La situación de Garbarino se agravó después de que su dueño, Carlos Rosales, rechazara un oferta de vender la cadena. Ahora analizan la posibilidad de ir a concurso para evitar la quiebra. En los últimos días comenzaron a cerrar casi todos los locales que tiene la Capital Federal, y las provincias de Buenos Aires, Santa Fe y Mendoza, entre otras.


Garbarino atenderá de manera online

Según informa iProfesional, Garbarino acaba de comunicar el cierre de sus locales de manera física. Si bien la venta de sus productos se pasará a comercializar de manera online, miles de empleados están esperando a ver qué sucederá con su futuro.
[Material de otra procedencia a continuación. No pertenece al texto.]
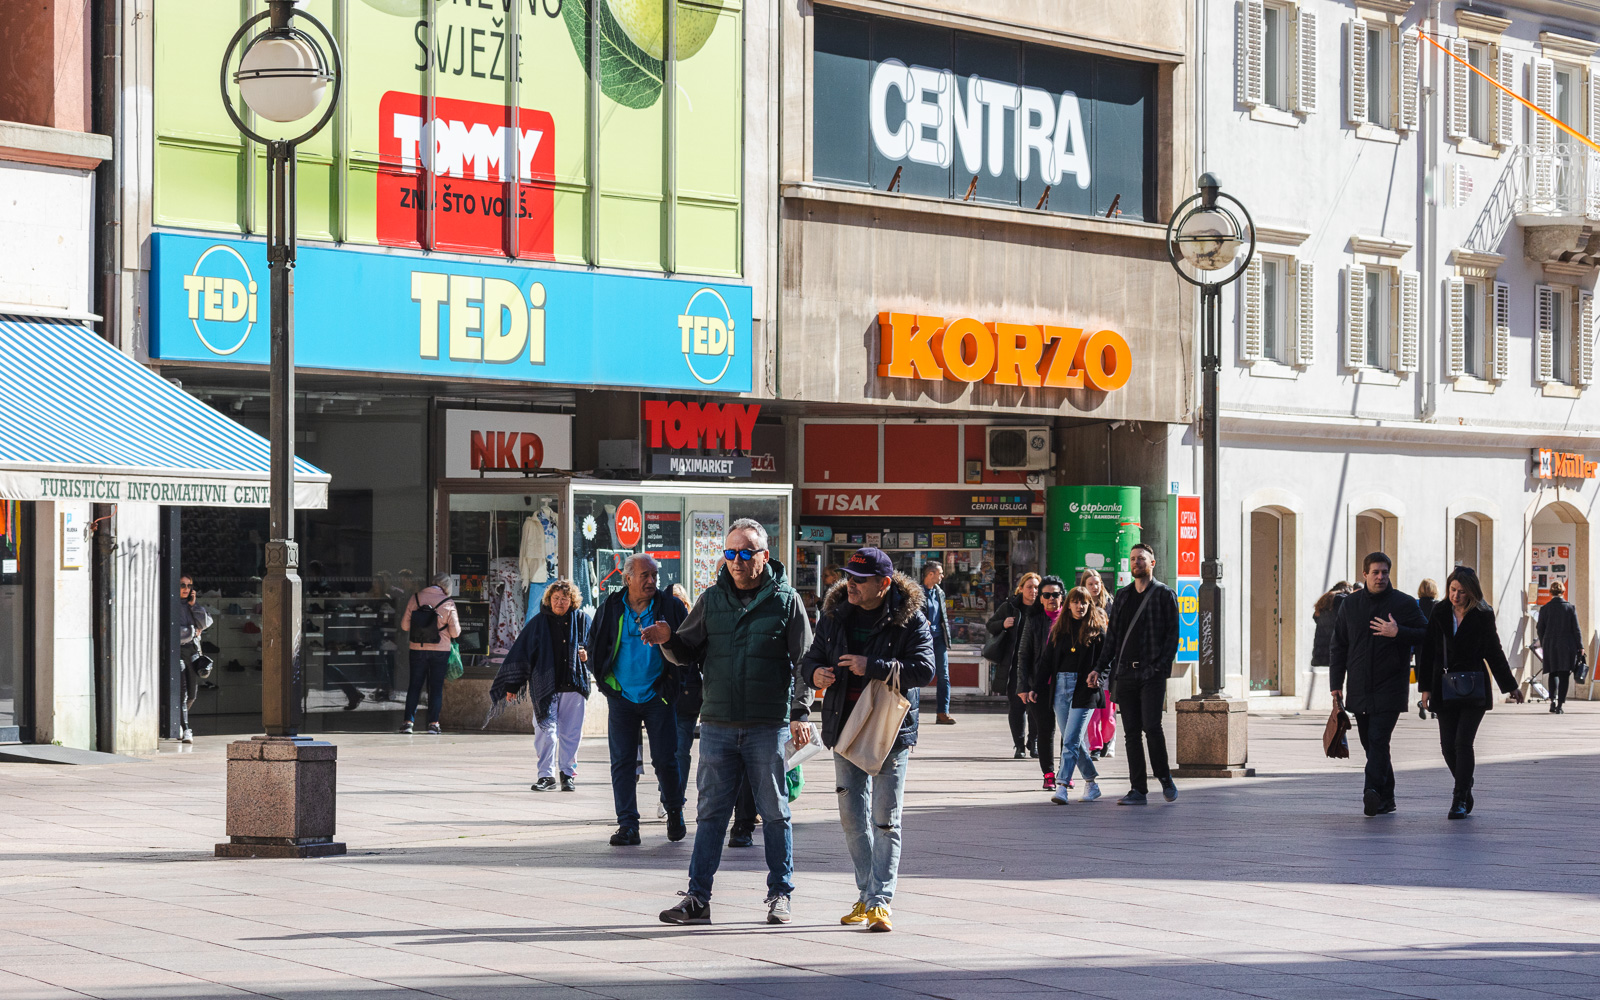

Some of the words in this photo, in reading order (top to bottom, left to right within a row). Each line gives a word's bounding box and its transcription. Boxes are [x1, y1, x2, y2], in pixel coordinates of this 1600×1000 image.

La situación de Garbarino se complicó después de que su dueño, Carlos Rosales, rechazara un oferta de vender la cadena. Y ahora están analizando la posibilidad de ir a concurso para evitar la quiebra.

De esta manera, durante los últimos días, la empresa comenzó a cerrar casi todos los locales que tiene la Capital Federal, y las provincias de Buenos Aires, Santa Fe y Mendoza, entre otras.

En la actualidad, Garbarino cuenta con 200 sucursales, muchas de las cuales han sido tomadas por sus empleados reclamando la reapertura y el compromiso del propietario de la continuidad laboral.

Sin embargo, la falta de productos y de giro financiero le impide a Rosales poder normalizar la situación, con una deuda mayor a los $2.300 millones y falta de pago de sueldos y aguinaldos a sus 4.200 trabajadores.

Del mismo modo, la empresa Digital Fueguina y Tecnosur se encuentran en crítica situación y en los últimos días el sindicato de comercio mantuvo comunicaciones con las autoridades provinciales para reclamar ayuda y evitar que cierre.

Sin embargo, este deterioro de la empresa es anterior a que Rosales asumiera el control de la cadena, ya que venía acumulando una deuda por $12.000 millones con un grupo de acreedores entre los que se encontraban los principales bancos y empresas de tecnología del país.

De ese monto, su directorio pudo encaminar un acuerdo con las entidades financieras para reestructura la cancelación de unos $5.000 millones. En el caso de los proveedores fue Rosales quien encaminó las conversaciones para reordenar la deuda por los $7.000 millones restantes.